TASK. Each line of the records must appear in your answer exactly, with no pictures.

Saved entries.
━━━━━━━━━━━━━━━━━━━━

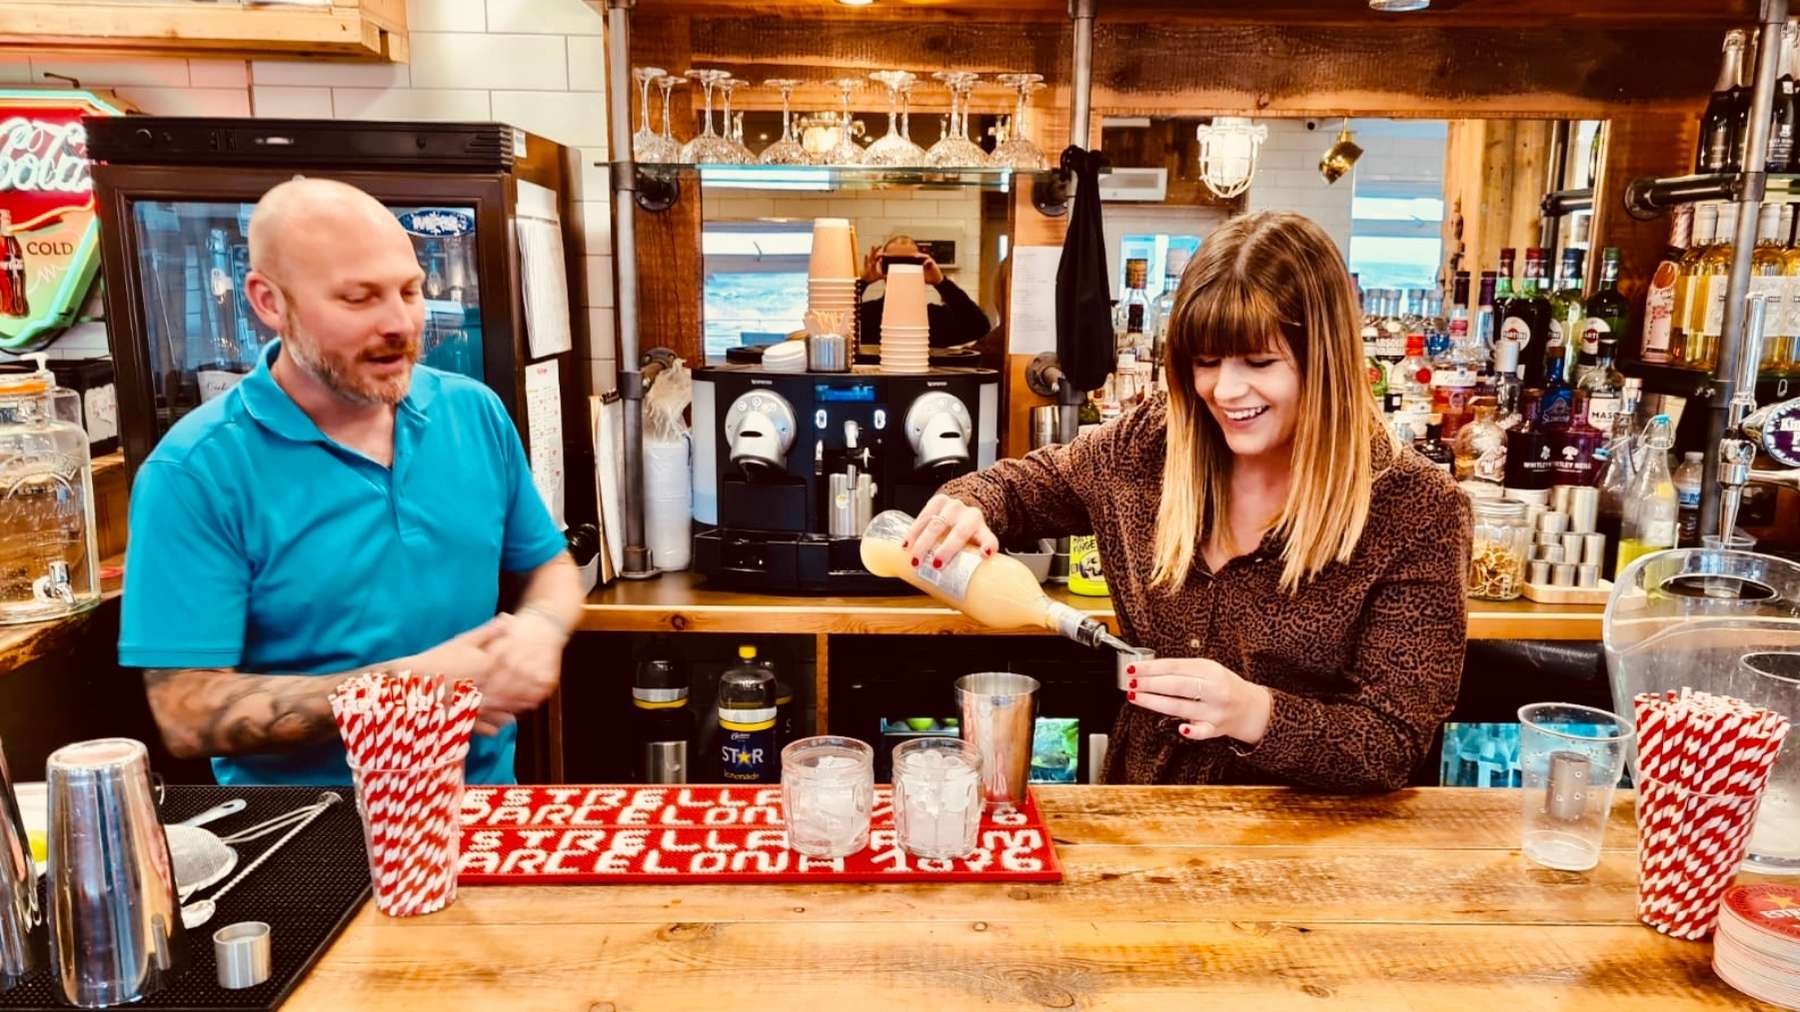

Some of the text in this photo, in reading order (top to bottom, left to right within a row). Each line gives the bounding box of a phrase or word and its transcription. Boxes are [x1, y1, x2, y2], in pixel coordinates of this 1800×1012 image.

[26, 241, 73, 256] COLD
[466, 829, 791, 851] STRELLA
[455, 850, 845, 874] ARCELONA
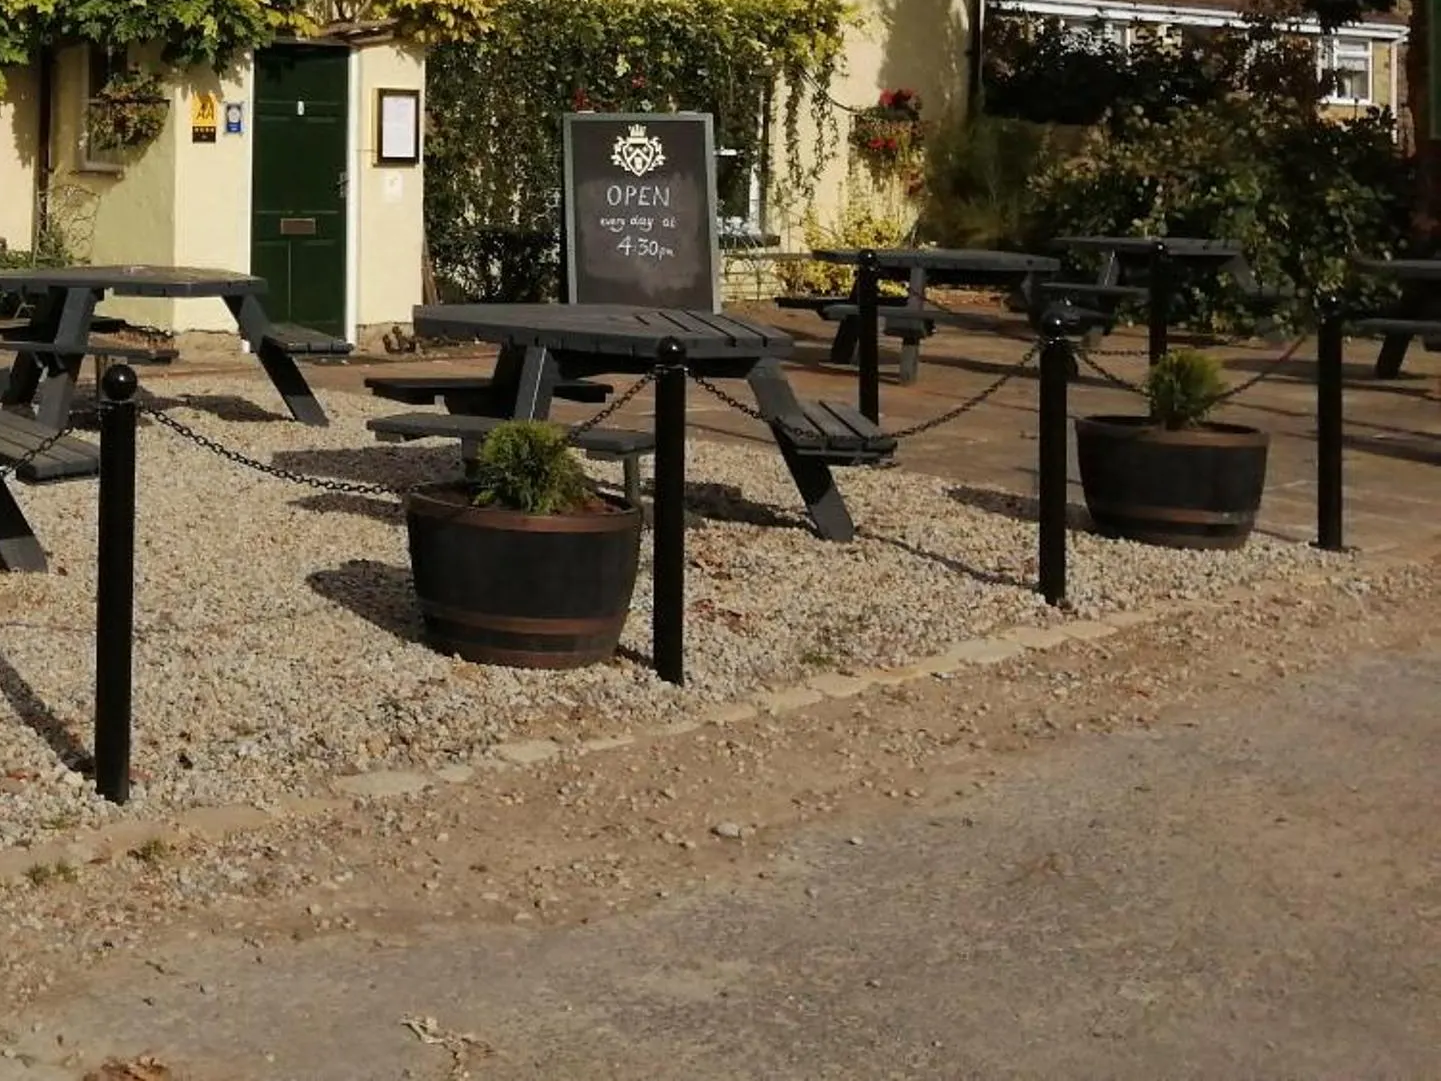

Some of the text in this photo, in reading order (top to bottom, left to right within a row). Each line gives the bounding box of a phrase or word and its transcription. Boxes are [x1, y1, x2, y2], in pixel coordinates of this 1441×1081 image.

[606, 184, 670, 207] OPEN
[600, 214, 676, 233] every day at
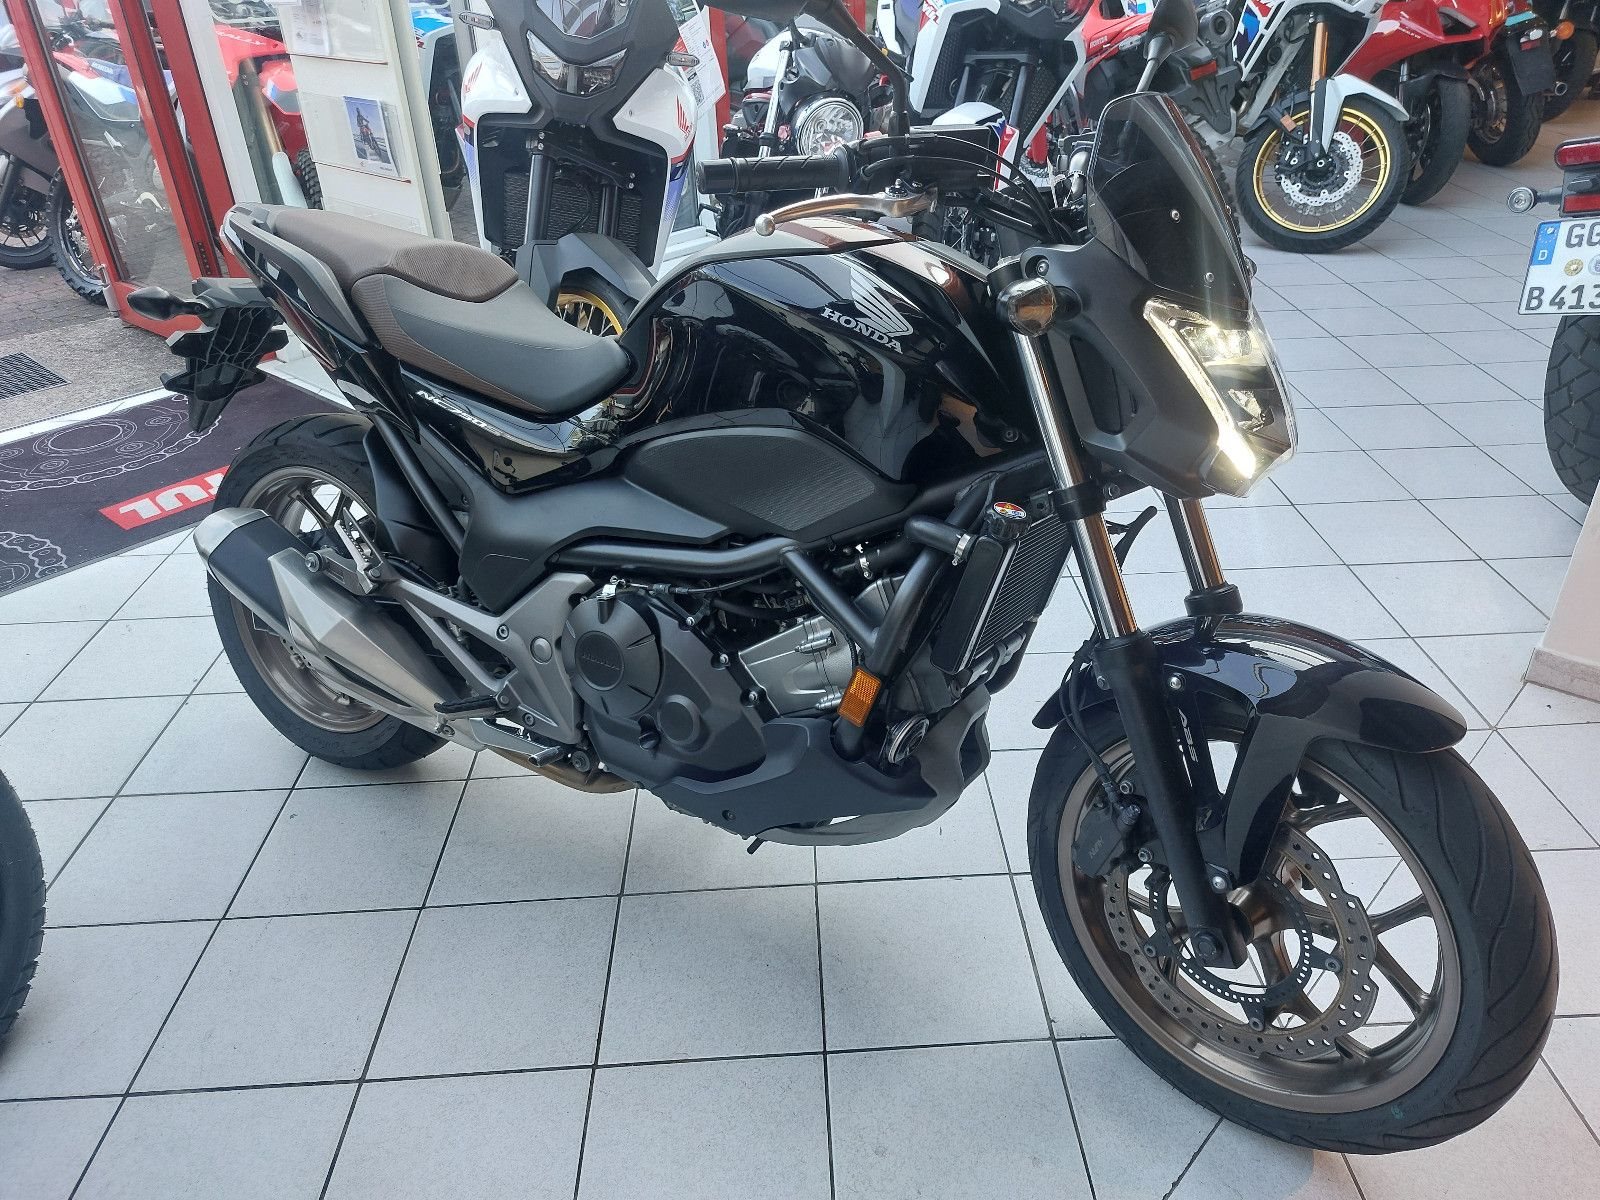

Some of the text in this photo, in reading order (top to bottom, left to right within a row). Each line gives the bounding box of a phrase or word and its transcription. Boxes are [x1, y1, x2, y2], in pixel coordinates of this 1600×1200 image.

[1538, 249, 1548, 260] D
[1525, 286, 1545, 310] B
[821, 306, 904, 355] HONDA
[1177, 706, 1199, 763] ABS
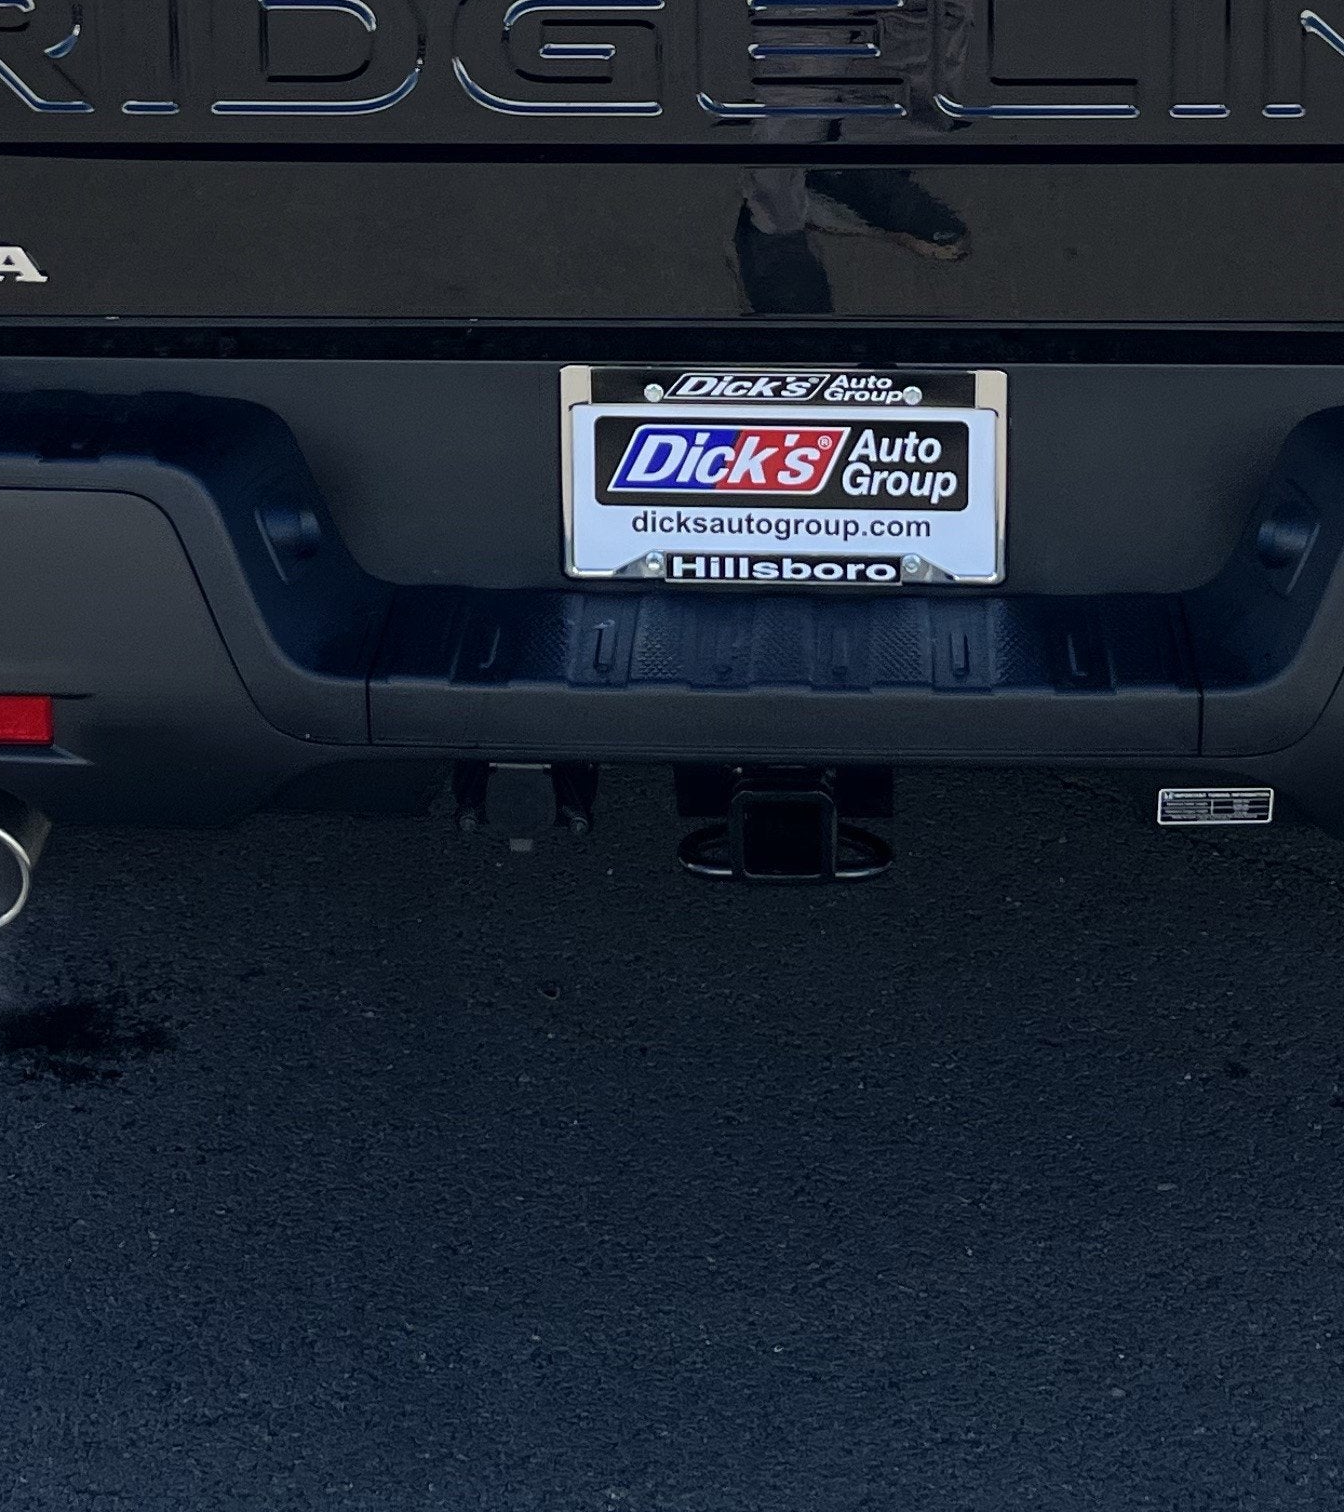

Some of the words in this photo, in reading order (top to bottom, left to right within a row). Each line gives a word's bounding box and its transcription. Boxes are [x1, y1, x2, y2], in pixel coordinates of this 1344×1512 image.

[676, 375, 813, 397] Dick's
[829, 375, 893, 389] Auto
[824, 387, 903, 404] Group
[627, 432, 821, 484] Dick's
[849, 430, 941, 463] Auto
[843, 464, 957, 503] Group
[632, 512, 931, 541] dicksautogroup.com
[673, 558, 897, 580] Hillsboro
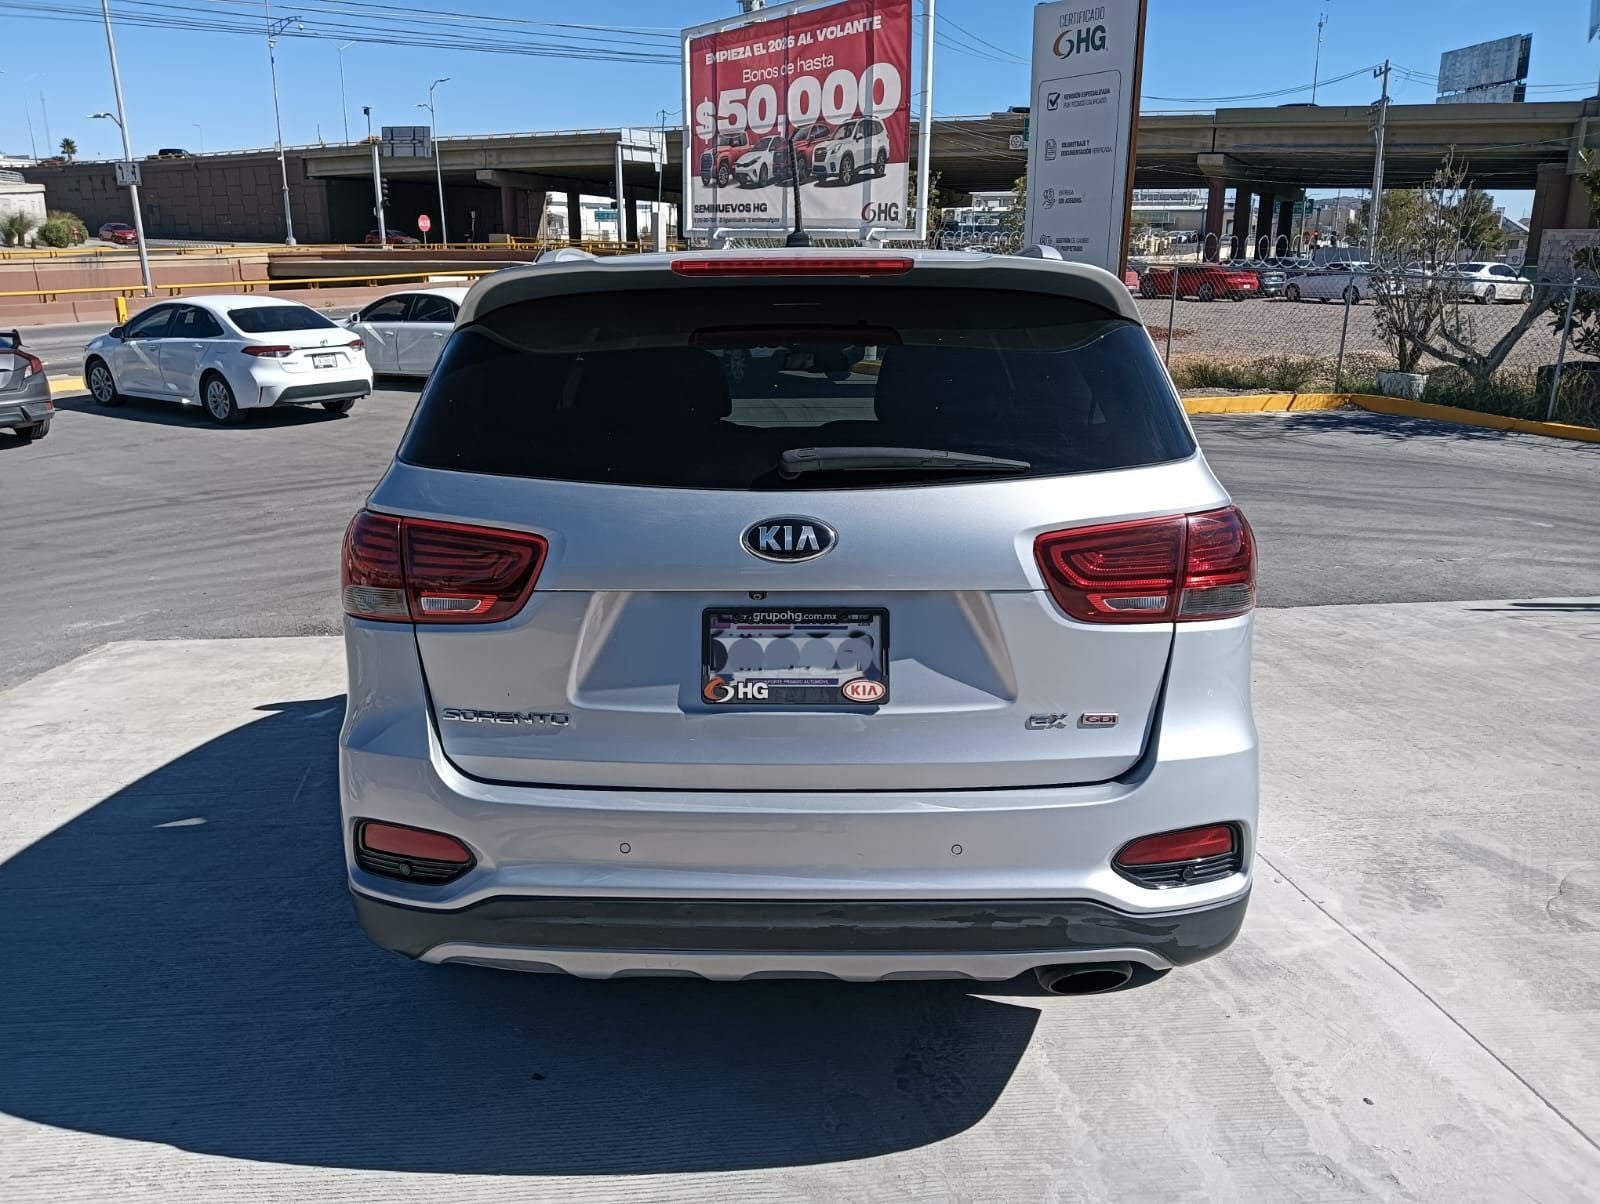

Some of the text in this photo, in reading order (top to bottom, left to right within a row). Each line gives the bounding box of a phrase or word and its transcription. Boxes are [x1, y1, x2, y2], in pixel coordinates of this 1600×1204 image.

━━━━━━━━━━━━━━━━━━━━

TASK ANSWER.
Some of the text in this photo, in reading order (top to bottom, left to right within a row). Each line gives the bounding box of a phrase or word and its transcription. Boxes are [x1, y1, x2, y2], in pixel coordinates of this 1800×1012 image.

[26, 241, 73, 256] COLD
[466, 829, 791, 851] STRELLA
[455, 850, 845, 874] ARCELONA

Some of the text in this photo, in reading order (top to bottom, left to right within a row). Each line gives the bounding box of a phrase or word and its transcription. Boxes are [x1, y1, x2, y2], in pixel coordinates of this 1441×1081 image.

[606, 184, 670, 207] OPEN
[600, 214, 676, 233] every day at

Some of the text in this photo, in reading order (top to bottom, left to right within a row). Each line gives the bounding box of a phrase or word and its transcription. Boxes are [x1, y1, x2, y2], in pixel coordinates of this 1600×1200 image.

[1538, 249, 1548, 260] D
[1525, 286, 1545, 310] B
[821, 306, 904, 355] HONDA
[1177, 706, 1199, 763] ABS

Some of the words in this photo, in reading order (top to bottom, left to right within a row). Each line gives a word's bounding box and its transcription. Boxes are [x1, y1, x2, y2], in pixel coordinates of this 1344×1512 image.

[676, 375, 813, 397] Dick's
[829, 375, 893, 389] Auto
[824, 387, 903, 404] Group
[627, 432, 821, 484] Dick's
[849, 430, 941, 463] Auto
[843, 464, 957, 503] Group
[632, 512, 931, 541] dicksautogroup.com
[673, 558, 897, 580] Hillsboro

Some of the text in this photo, in reading order (top to bottom, left to right within a row). Each line gives the bounding box of a phrase or word and its transcription. Boxes are [x1, y1, x2, y2], in pixel coordinates of this 1600×1204 image.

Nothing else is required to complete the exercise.